Application and Infrastructure Deployment

This section provides a step-by-step guide to configure the StackSpot Self-Hosted Workflow (beta version) for deploying Applications or Infrastructure in your Cloud provider pipelines. This content is for developers, SREs, and administrators experienced with Cloud services and CI/CD pipelines.

How to set up Self-Hosted deployments using StackSpot Workflow

StackSpot Workflow deployment is cloud-agnostic you can integrate with any Cloud provider as long as StackSpot supports it and you meet the provider’s requirements.

Supported Cloud providers:

  • Amazon Web Services (AWS)
  • Azure DevOps

The deployment is orchestrated by the stackspot-core/stackspot-deploy@5 Workflow of reusable type, you should use it within your Workflow to handle the deployment. This Workflow provides all the required inputs and configurations for integration with Cloud providers.

info

Using the StackSpot Workflow stackspot-core/stackspot-deploy@5 lets you deploy to different providers in a single Workflow. For example, you can deploy to AWS and/or Azure DevOps in the same Cloud infrastructure.

Prerequisites

  • Write access to a repository in your Cloud provider and permission to create/edit pipelines.
  • Cloud service account with permissions to create resources.
  • StackSpot Service Credential (Client ID and Client Key).
  • Cloud provider infrastructure (Storages) set up to store Terraform state and IaC artifacts.
  • Application or Infrastructure created and registered in StackSpot.

How to Create a StackSpot Workflow for Deployment

Step 1. Create the Deployment Workflow

To deploy your Application or Infrastructure, create a deploy type Workflow to collect the inputs for the StackSpot Self-Hosted deployment Workflow.

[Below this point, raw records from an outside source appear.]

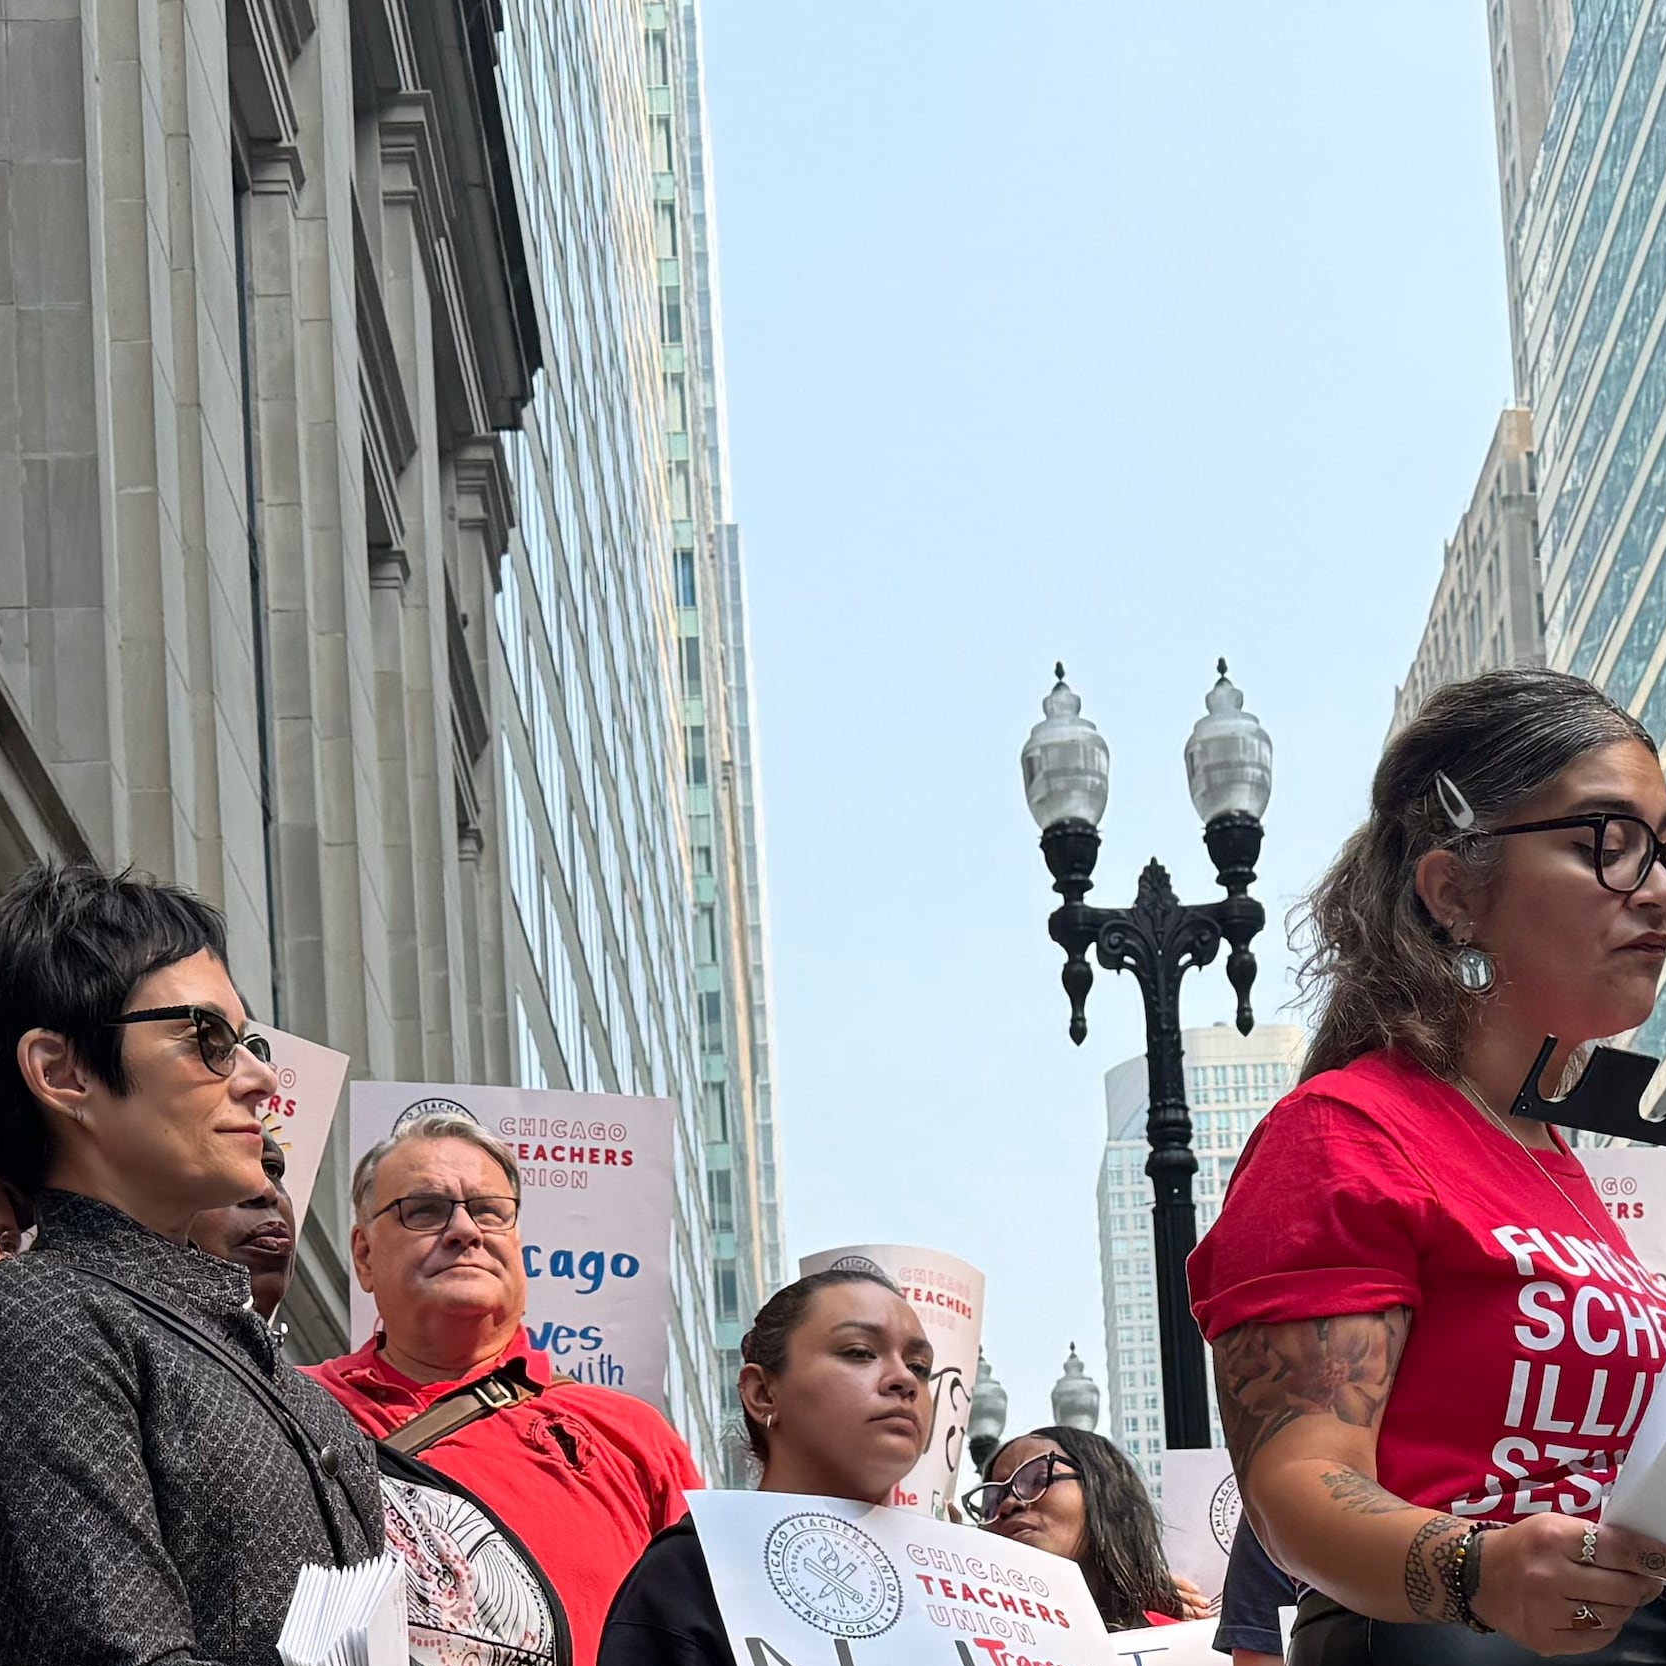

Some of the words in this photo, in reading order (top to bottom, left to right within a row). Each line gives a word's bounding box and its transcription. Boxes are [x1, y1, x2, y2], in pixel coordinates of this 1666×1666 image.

[499, 1116, 628, 1143] CHICAGO
[504, 1142, 634, 1167] EACHERS
[519, 1167, 589, 1189] NION
[521, 1245, 640, 1295] cago
[900, 1286, 973, 1321] TEACHERS
[1503, 1359, 1661, 1438] ILLI
[1214, 1480, 1235, 1536] CHICAGO
[770, 1531, 793, 1598] CHICAGO
[789, 1517, 871, 1549] TEACHERS
[873, 1552, 898, 1604] UNION
[906, 1543, 1050, 1598] CHICAGO
[802, 1609, 832, 1628] AFT
[836, 1621, 882, 1634] LOCAL
[915, 1573, 1071, 1629] TEACHERS
[927, 1604, 1037, 1646] UNION

Run the following command to create the Workflow:

stk create workflow
Example StackSpot Workflow for Application/Infrastructure Deployment 'workflow.yaml'
schema-version: v1
kind: workflow
metadata:
  name: deployworkflow
  display-name: deployworkflow
  description: Example of a deploy workflow
  version: 0.0.1
spec:
  type: deploy
  label: Deploy Workflow Example
  targets:
  - infra
  docs:
    en-us: docs/en_us/docs.md
    pt-br: docs/pt_br/docs.md

You can run the deployment whenever you want. Before starting, you can configure your Workflow to run Actions or other Workflows. For example, add an Action to fetch your Cloud provider credentials, or a Workflow to install the STK CLI in your pipeline.

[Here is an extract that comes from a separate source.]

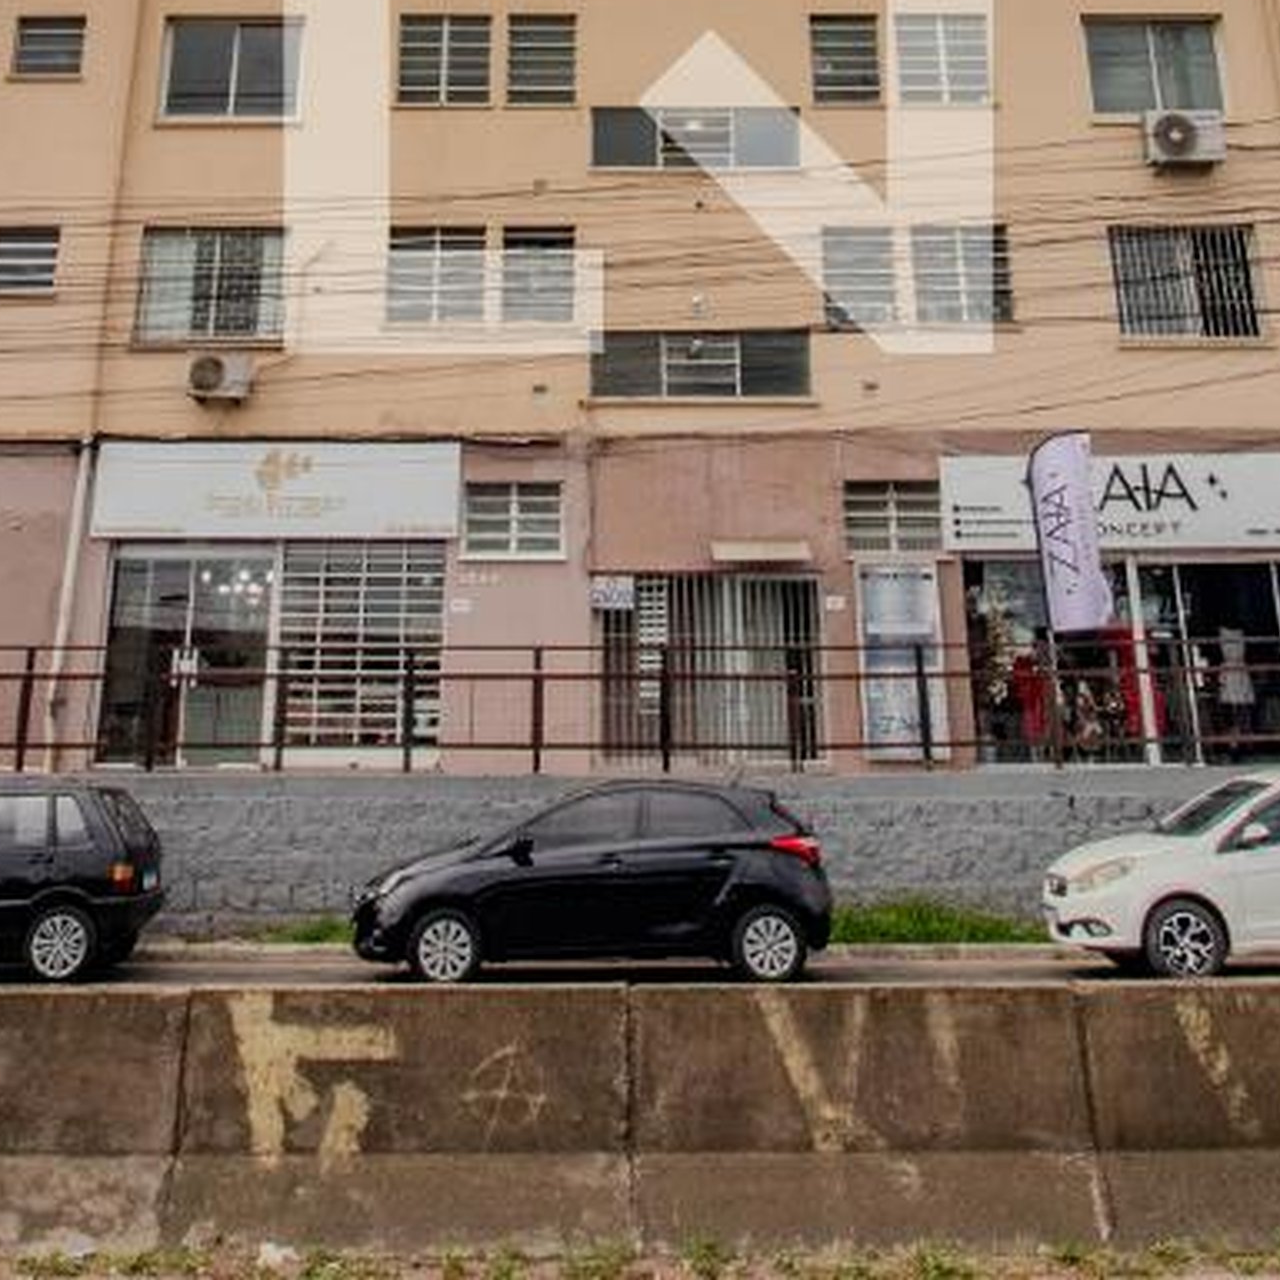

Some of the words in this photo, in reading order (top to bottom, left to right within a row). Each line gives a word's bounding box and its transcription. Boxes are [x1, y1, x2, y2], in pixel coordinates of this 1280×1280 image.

[1094, 461, 1199, 512] AIA
[1041, 483, 1081, 578] ZAIA
[1097, 522, 1182, 539] ONCEPT

Step 2. Add Your Provider Inputs to the Deployment Workflow

The following example shows how to collect the required inputs for AWS and Azure DevOps:

tip
  • Authenticate using the environment variables stk_client_id and stk_client_key from your StackSpot Organization.
Workflow Inputs Example
inputs:
  - label: Stackspot Credential Client ID
    name: stk_client_id
    type: password
    required: True
  - label: Stackspot Credential Client Key
    name: stk_client_key
    type: password
    required: True
  - label: AWS Credential accessKey
    name: accessKey
    type: password
    required: True
  - label: AWS Credential secretKey
    name: secretKey
    type: password
    required: True
  - label: AWS Credential accessToken
    name: accessToken
    subscriptionId: password
    required: True
  - label: Application Repo name
    name: repository_name
    subscriptionId: text
    required: True

Step 3. Create the Job and Step to Run the Deployment

  1. Create a Job for deployment and add a Step to run the Workflow that orchestrates the deployment.
Warning

You can only have one workflow type Step in the Job.

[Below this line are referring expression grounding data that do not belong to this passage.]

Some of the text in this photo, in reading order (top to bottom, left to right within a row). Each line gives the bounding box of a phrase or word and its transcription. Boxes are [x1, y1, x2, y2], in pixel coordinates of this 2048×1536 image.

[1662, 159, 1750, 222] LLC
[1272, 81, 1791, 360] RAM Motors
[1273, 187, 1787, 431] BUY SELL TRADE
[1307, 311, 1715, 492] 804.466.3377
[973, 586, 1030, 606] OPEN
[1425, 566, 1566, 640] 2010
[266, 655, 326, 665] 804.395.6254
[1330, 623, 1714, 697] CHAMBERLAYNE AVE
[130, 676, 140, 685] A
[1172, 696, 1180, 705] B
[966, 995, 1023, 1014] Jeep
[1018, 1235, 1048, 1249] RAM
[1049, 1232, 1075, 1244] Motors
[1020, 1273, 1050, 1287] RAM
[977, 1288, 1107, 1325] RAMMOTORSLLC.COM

  1. Map your Workflow input variables to the Step inputs using the following expressions:
authenticate_client_id: "{{ inputs.stk_client_id }}"
authenticate_client_key: "{{ inputs.stk_client_key }}"
repository_name: "{{ inputs.repository_name }}"
  1. Fill in the following variables with valid JSON, using the contract for each provider:
  • cloud_credentials: Used by Terraform to create, update, and remove your infrastructure in AWS and/or Azure.
tip

You can provide a list of credentials to deploy to AWS and Azure accounts at the same time in the same StackSpot infrastructure.

Example:

cloud_credentials with AWS and Azure DevOps providers
cloud_credentials: |
          [
            {
              "type": "AZ_PRINC_SECRET",
              "azPrincSecret": {
                "clientId": "{{ inputs.clientId }}",
                "clientSecret": "{{ inputs.clientSecret }}",
                "tenantId": "{{ inputs.tenantId }}",
                "subscriptionId": "{{ inputs.subscriptionId }}"
              }
            },
            {
                "type": "AWS_CREDS",
                "awsCreds": {
                    "accessKey": "{{ inputs.accessKey }}",
                    "secretKey": "{{ inputs.secretKey }}",
                    "accessToken": "{{ inputs.accessToken }}"
                }
            }
          ]

  • backend_credentials: Used by Terraform and StackSpot to save the generated IaC code and define where the Terraform state file (tfstate) will be stored. Unlike cloud_credentials, use only one provider here.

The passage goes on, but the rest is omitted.